Quote from: RPGPundit;1054444What pseudo-historical setting from the Classical or Ancient world would you want to see as an OSR game or setting book?
Iberia before it was conquered by the Romans. I don't really know much of anything about it, except one bit where it was said the people there traded ore with the Carthaginians, I think.
Quote from: ArrozConLeche;1055078Iberia before it was conquered by the Romans. I don't really know much of anything about it, except one bit where it was said the people there traded ore with the Carthaginians, I think.
That's a good one. It might be most interesting in the period when Carthage was establishing colonies on the peninsula and coming into conflict with the Greeks.
Also, the post-Roman period would be interesting, although that might be considered more medieval than ancient.
Quote from: ArrozConLeche;1055078Iberia before it was conquered by the Romans. I don't really know much of anything about it, except one bit where it was said the people there traded ore with the Carthaginians, I think.
Before or after the First Punic War? That changes the tenor of Carthaginian influence in Iberia, where the Barcid faction turns its attention to exploiting Spain, rather than looking to Africa and Sicily.
As a slight aside, Christian Cameron's
Poseidon's Spear (third in a series, but perfectly good standalone) has a jaunt through 5th century BC Spain, France and Britain, looking for the source of tin. Some of it is anachronistic (Carthaginians present in far greater strength and more established then they were that early), but it's otherwise a great read. Ripe with RPG-able inspiration.

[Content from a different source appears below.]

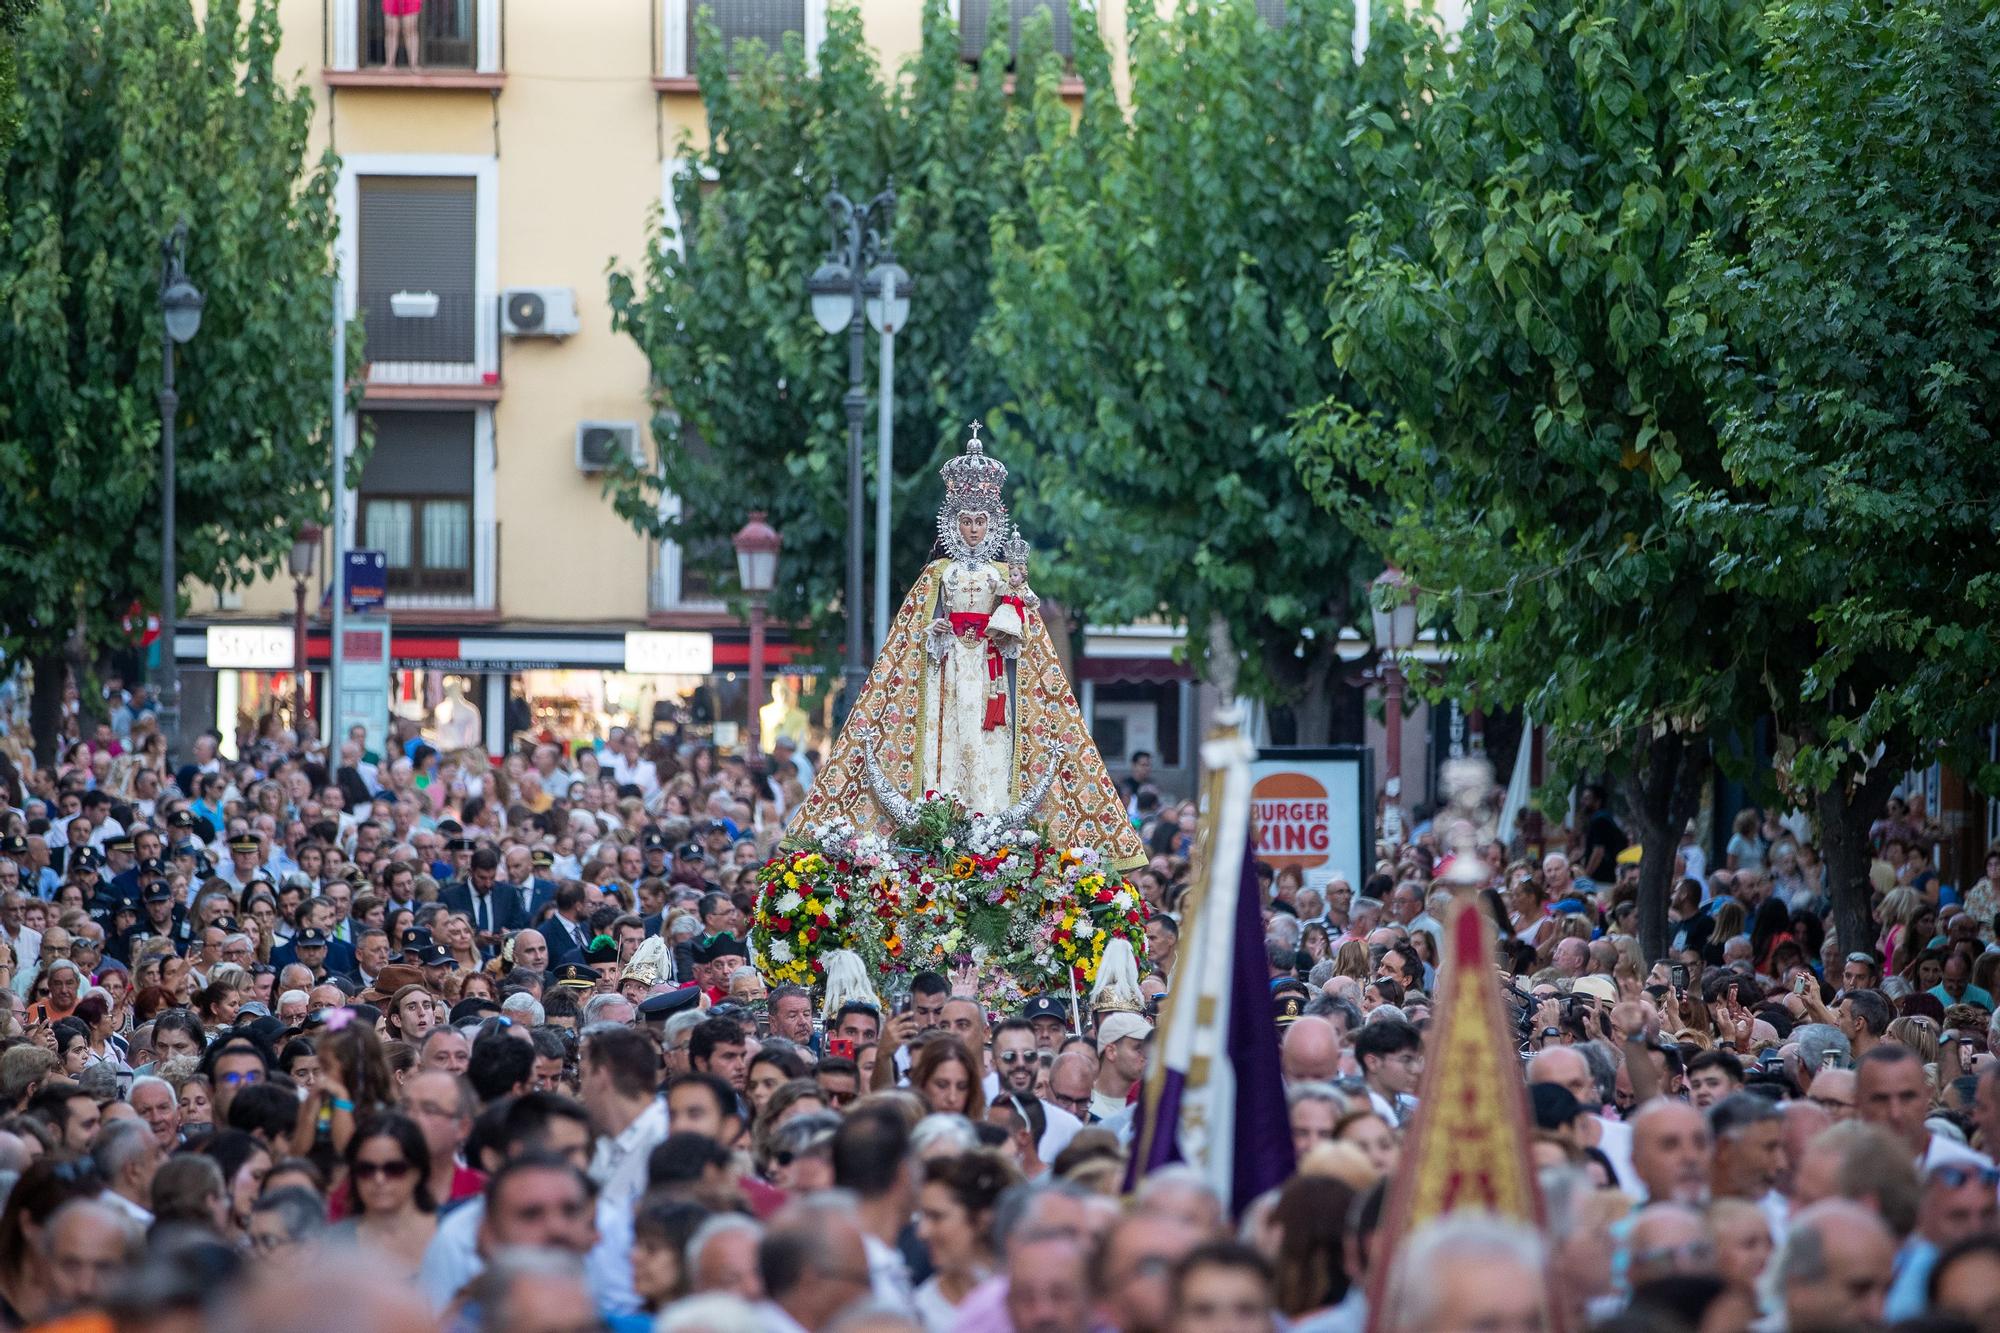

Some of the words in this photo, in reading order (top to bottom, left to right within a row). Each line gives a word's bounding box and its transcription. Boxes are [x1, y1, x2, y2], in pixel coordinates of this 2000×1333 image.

I know very little about the history of the area, other than a reference I vaguely remember to a "king." It might have been this: https://www.red2000.com/spain/primer/tartessos.html
Looking at the Wikipedia timeline, it might be interesting to play during first contact with the Phoenicians or when they start abandoning their colonies. I think any period where there is major change to the status quo that involves a well known ancient civilization would be potentially cool, so that's likely going to be Iron Age (going by that timeline).
I would really like seeing a very historically decent but fantasy-heavy setting based on China at the decadent end of the Shang Dynasty just before their overthrow at the hands of the Zhou.